▶ [Exercise goal] Pictures stay out; print the rest of the listing below exactly as it stands.

===== Records supplied =====

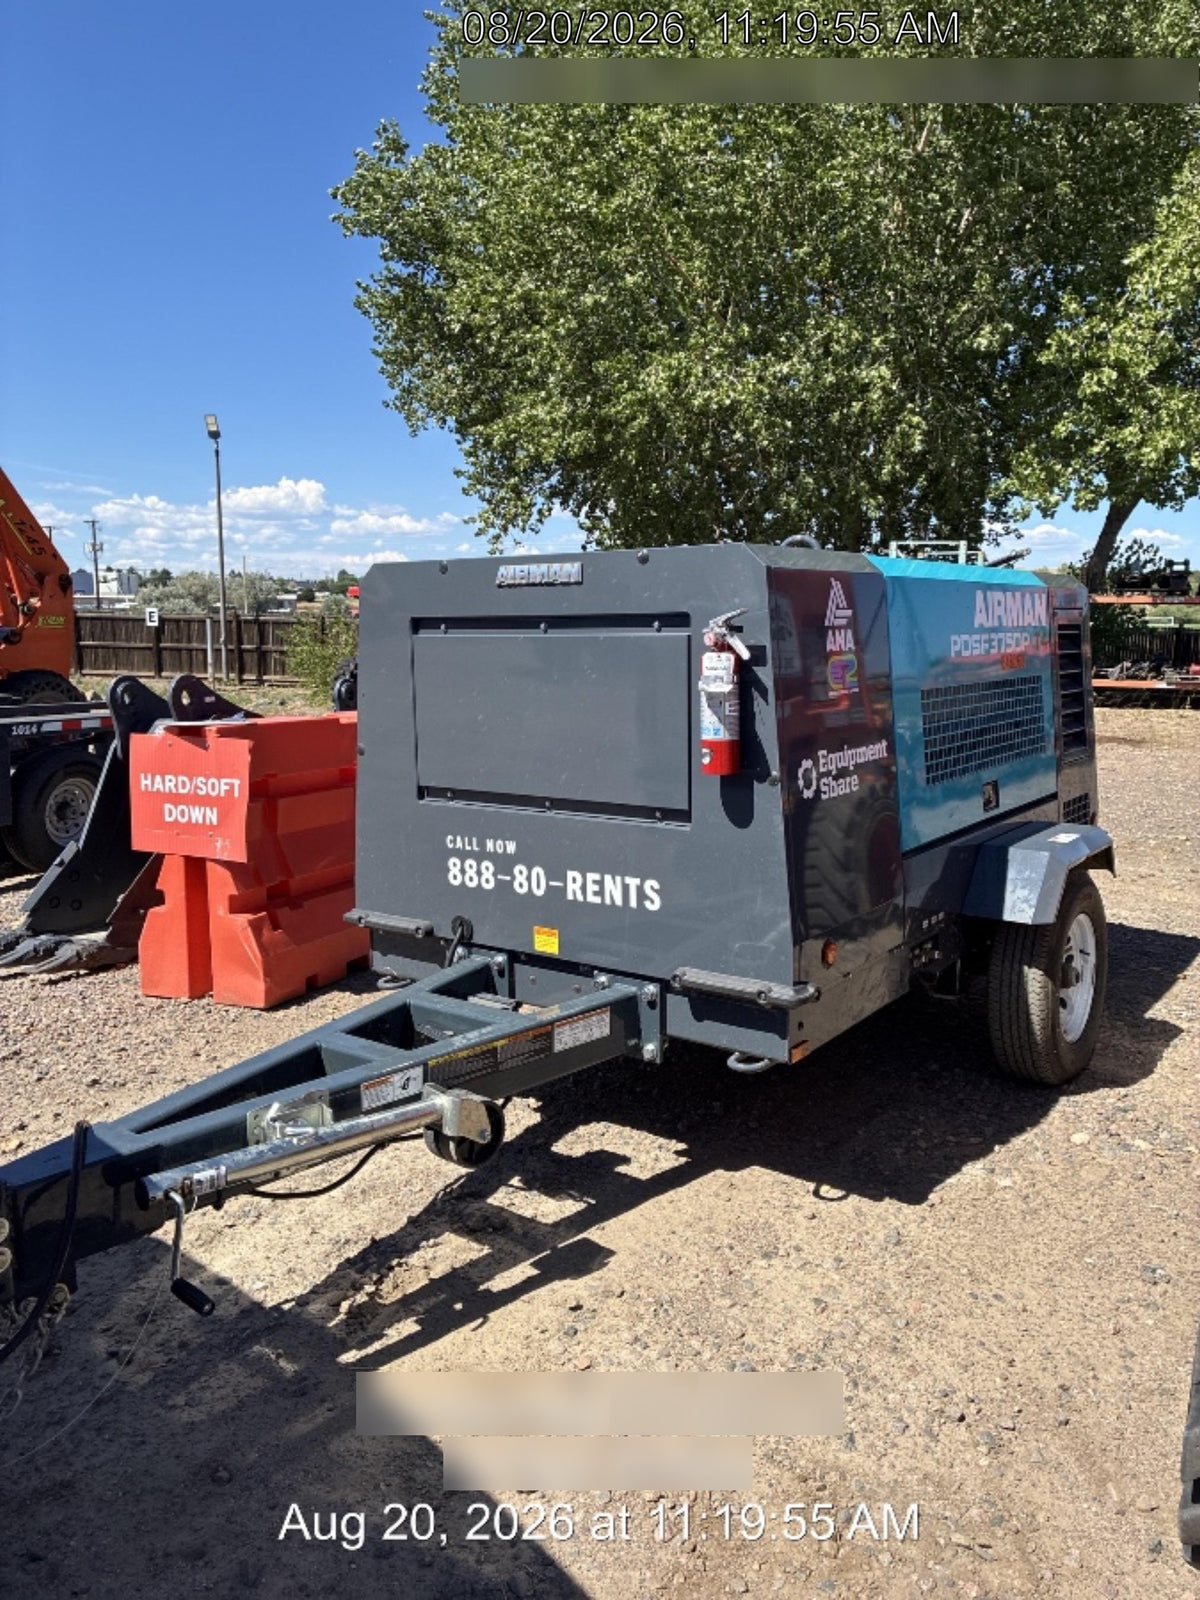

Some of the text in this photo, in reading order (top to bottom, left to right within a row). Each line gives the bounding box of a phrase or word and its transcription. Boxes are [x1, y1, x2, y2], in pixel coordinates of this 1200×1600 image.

[148, 611, 157, 623] E
[973, 589, 1048, 628] AIRMAN
[826, 629, 856, 652] ANA
[817, 739, 888, 775] Equipment
[139, 772, 241, 798] HARD/SOFT
[820, 774, 859, 800] Share
[163, 803, 218, 826] DOWN
[446, 835, 517, 855] CALL NOW
[447, 857, 662, 912] 888-80-RENTS
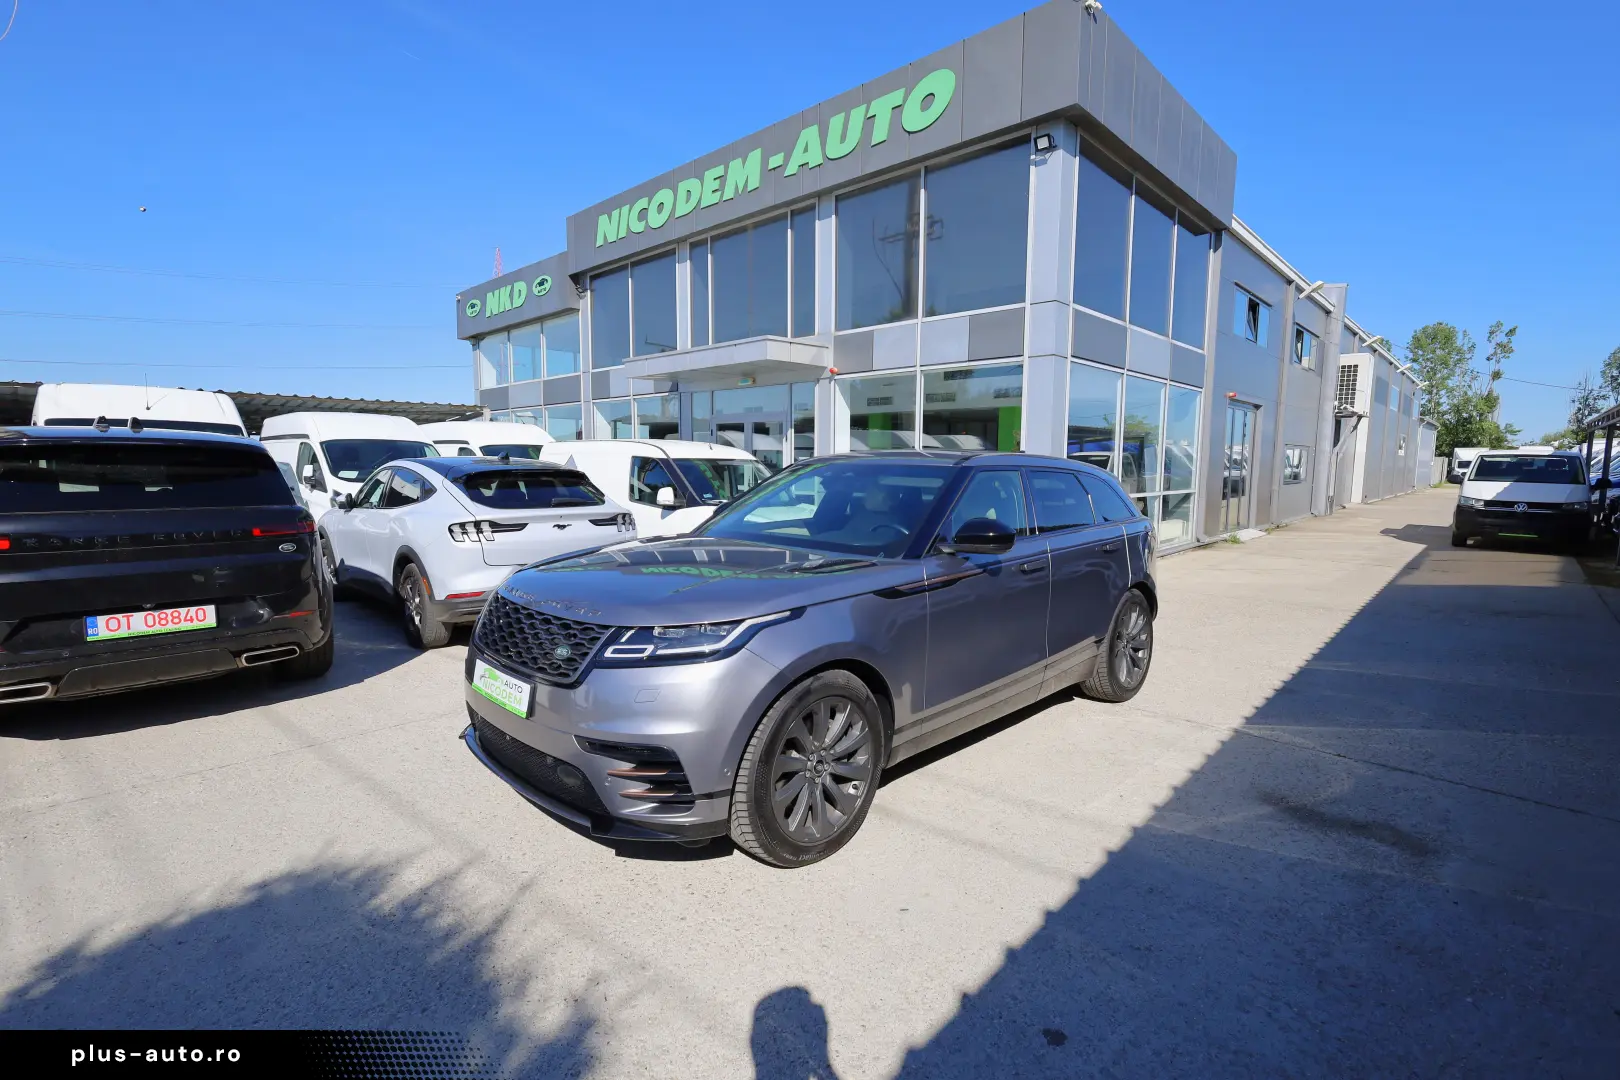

=====

▶ [Written reply]
Some of the text in this photo, in reading order (top to bottom, left to right within a row). Each line gives the bounding box of a phrase or word and its transcription. Boxes are [x1, y1, x2, y2], in pixel coordinates of this 1200×1600 image.

[148, 611, 157, 623] E
[973, 589, 1048, 628] AIRMAN
[826, 629, 856, 652] ANA
[817, 739, 888, 775] Equipment
[139, 772, 241, 798] HARD/SOFT
[820, 774, 859, 800] Share
[163, 803, 218, 826] DOWN
[446, 835, 517, 855] CALL NOW
[447, 857, 662, 912] 888-80-RENTS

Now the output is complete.